SPAIN may not have won the Eurovision song contest or managed to form a government (yet) but when it comes to sun, sea and sand we have got it covered.
We welcomed a staggering 68.1 million tourists last year, boast 686 blue flag beaches and ports – eight more than last year – and 321 sunny days each year.
With that in mind, this summer is set to be the busiest on record.
However, a murkier truth threatens to muddy Spain’s crystal clear waters – literally.
Because green group Ecologistas en accion has unveiled the nation’s 47 ‘black flag beaches’.
The latest report, ‘Black Flags 2016’, names and shames the most polluted and the worst managed zones in each coastal province.
It reveals that oil spills, dumping, industrial estates and waste are the biggest dangers to the coast.
Ecologistas has also slammed the blue flag system, branding it as ‘unrealistic’ and pointing out that the European Environment Agency (EEA) criticised 58 of Spain’s beaches last month.
“The EEA says Spain is the third country with the most areas not fit for swimming in, after Italy and France, and when the body called for 34 swimming areas in Europe to be closed, 31 of them were Spanish and mostly Galician,” says the study.
“There is still a threatening level of construction thanks to the current government which is putting the oceans at risk of continual deterioration.”
While almost 700 bathing zones are lauded with blue flags, is it time we sat up and started taking the black flags seriously too?
Andalucia’s coastal disasters
BLACK flags were ‘awarded’ in Almeria, Cadiz, Granada, Huelva and Malaga provinces to a total of 10 beaches or areas.
Shockingly, on the Costa de la Luz, the sandy paradise of Canos de Meca was revealed to be highly polluted due to untreated sewage and no water supply network. The group put this down to ‘bad management’.
Projects in the Bay of Gibraltar such as the Rock’s eastside development and bunkering were also slammed as causing ‘dangerous’ levels of pollution, not forgetting the stream of ‘untreated sewage’ pouring into the sea at Gibraltar’s southern tip, Europa Point.
In Malaga, the report condemned ‘decades of pollution’ in the Artola Dunes – also known as Cabopino – between Marbella and La Cala.
“We are seeing real damage to the wildlife and existing plant life in the Artola Dunes coast path and action needs to be taken,” read the report.

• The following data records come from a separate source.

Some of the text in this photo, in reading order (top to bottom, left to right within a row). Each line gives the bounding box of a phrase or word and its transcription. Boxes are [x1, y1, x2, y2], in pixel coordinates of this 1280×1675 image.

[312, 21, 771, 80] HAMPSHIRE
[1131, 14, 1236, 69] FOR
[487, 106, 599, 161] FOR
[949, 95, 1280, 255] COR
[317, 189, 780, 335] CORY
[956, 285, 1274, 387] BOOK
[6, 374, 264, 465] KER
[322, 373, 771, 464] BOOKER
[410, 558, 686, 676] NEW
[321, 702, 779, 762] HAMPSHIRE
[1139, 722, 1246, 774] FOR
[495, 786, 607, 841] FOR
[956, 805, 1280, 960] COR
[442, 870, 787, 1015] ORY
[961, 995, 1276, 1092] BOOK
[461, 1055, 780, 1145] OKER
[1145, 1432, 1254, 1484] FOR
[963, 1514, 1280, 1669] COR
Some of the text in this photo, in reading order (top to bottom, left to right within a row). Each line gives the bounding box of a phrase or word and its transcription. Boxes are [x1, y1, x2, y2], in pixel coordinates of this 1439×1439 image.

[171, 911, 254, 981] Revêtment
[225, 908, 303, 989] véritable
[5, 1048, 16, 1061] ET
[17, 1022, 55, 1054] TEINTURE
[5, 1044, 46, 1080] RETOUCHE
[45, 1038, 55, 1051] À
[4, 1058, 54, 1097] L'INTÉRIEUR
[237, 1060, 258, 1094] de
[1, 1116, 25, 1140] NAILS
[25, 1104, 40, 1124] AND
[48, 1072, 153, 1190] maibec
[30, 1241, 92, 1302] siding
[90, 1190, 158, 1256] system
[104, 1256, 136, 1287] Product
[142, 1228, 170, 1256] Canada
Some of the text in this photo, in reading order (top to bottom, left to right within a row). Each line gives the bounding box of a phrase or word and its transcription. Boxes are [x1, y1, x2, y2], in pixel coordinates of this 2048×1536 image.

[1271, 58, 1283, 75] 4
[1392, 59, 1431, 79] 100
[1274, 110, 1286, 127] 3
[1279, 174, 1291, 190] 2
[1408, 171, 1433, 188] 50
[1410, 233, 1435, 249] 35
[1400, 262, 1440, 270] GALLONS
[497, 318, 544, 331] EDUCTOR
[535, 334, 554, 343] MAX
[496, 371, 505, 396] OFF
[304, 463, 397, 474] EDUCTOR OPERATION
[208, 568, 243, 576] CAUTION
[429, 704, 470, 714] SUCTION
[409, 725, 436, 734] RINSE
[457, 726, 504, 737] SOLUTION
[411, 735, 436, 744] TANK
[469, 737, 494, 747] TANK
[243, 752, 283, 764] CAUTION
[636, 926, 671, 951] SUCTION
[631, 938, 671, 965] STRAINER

A large section on Marbella also highlights ‘destruction’ due to the development of the coast path which the Junta hopes will soon lead all the way from Manilva to Nerja.
And the group called for the ‘highest possible protection’ for Matas Verdes, a rare green patch of Estepona at risk of being developed.
In Malaga province, three Mijas beaches including Penon del Cura were mentioned because of ‘no urban plan’ and erosion from the coast path.
In Almeria, the Carboneras coast received a black flag ‘because of construction, dumping and emissions from cement works’, thanks to the infamous Algarrobico Hotel.
Meanwhile Granada’s beaches Pozuelo in Albunol and Playa Granada in Motril were flagged up, the former for rubbish and pollution and the latter for bad management with storms removing sand and chiringuitos likely to be ‘soon swept off by the sea and weather which were only just built within the regulations’.
Best of the rest
THE Canary Islands suffered a horrific spill from Russian fishing boat Oleg Naydenov which took fire with 1,400 tons of fuel aboard on April 11.Workers collected more than 120kg of thick fuel off the beaches of Gran Canaria in the first week after the accident alone and Maspalomas Beach is still polluted today as a result.
There are ‘waste dumping problems’ in the ports of Alicante and Valencia, as reported by residents associations of Valencia.
Tarragona was flagged up for ‘highly toxic waste’. The Flix reservoir has been damaged by the toxic chemical industry and Ecros company plant in particular for more than a century of dumping sludge. A €200 million cleanup was awarded in 2008 but Ecologistas en Accion denounced Ecros last year for ‘possible fraud in the Flix reservoir cleanup’.
The beaches of the Balearics were labelled ‘full of all sorts of rubbish’ with Ciudad Jardin in Palma given a flag.